### [RECORDS PROVIDED]

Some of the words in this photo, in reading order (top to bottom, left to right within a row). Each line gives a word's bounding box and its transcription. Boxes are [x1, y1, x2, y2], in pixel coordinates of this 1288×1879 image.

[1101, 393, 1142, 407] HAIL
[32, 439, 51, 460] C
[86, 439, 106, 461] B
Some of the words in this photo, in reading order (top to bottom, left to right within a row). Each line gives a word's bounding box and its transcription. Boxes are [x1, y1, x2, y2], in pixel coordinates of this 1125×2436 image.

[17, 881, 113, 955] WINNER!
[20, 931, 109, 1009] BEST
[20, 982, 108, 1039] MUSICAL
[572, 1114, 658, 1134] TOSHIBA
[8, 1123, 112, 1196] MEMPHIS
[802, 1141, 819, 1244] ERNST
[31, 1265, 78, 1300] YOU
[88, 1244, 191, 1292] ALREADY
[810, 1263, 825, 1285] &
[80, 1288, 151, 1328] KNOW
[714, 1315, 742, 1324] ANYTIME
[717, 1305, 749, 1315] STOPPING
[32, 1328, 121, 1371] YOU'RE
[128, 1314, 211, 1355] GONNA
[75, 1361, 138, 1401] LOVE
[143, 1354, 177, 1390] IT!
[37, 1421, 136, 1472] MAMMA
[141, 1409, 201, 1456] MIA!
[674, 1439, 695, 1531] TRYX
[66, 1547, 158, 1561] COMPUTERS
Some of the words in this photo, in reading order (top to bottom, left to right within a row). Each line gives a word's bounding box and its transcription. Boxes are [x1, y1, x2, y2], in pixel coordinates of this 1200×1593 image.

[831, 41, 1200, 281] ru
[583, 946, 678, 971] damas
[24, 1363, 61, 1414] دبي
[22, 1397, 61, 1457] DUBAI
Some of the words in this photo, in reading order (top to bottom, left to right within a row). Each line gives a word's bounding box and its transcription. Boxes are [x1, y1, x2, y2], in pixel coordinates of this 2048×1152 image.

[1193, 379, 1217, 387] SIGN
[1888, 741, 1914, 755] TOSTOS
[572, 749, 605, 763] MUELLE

### [ABOUT THIS EXERCISE]
Every record, from the first to the last, should be transcribed exactly.

### [FINISHED EXERCISE]
Some of the words in this photo, in reading order (top to bottom, left to right within a row). Each line gives a word's bounding box and its transcription. Boxes are [x1, y1, x2, y2], in pixel coordinates of this 1288×1879 image.

[1101, 393, 1142, 407] HAIL
[32, 439, 51, 460] C
[86, 439, 106, 461] B
Some of the words in this photo, in reading order (top to bottom, left to right within a row). Each line gives a word's bounding box and its transcription. Boxes are [x1, y1, x2, y2], in pixel coordinates of this 1125×2436 image.

[17, 881, 113, 955] WINNER!
[20, 931, 109, 1009] BEST
[20, 982, 108, 1039] MUSICAL
[572, 1114, 658, 1134] TOSHIBA
[8, 1123, 112, 1196] MEMPHIS
[802, 1141, 819, 1244] ERNST
[31, 1265, 78, 1300] YOU
[88, 1244, 191, 1292] ALREADY
[810, 1263, 825, 1285] &
[80, 1288, 151, 1328] KNOW
[714, 1315, 742, 1324] ANYTIME
[717, 1305, 749, 1315] STOPPING
[32, 1328, 121, 1371] YOU'RE
[128, 1314, 211, 1355] GONNA
[75, 1361, 138, 1401] LOVE
[143, 1354, 177, 1390] IT!
[37, 1421, 136, 1472] MAMMA
[141, 1409, 201, 1456] MIA!
[674, 1439, 695, 1531] TRYX
[66, 1547, 158, 1561] COMPUTERS
Some of the words in this photo, in reading order (top to bottom, left to right within a row). Each line gives a word's bounding box and its transcription. Boxes are [x1, y1, x2, y2], in pixel coordinates of this 1200×1593 image.

[831, 41, 1200, 281] ru
[583, 946, 678, 971] damas
[24, 1363, 61, 1414] دبي
[22, 1397, 61, 1457] DUBAI
Some of the words in this photo, in reading order (top to bottom, left to right within a row). Each line gives a word's bounding box and its transcription. Boxes are [x1, y1, x2, y2], in pixel coordinates of this 2048×1152 image.

[1193, 379, 1217, 387] SIGN
[1888, 741, 1914, 755] TOSTOS
[572, 749, 605, 763] MUELLE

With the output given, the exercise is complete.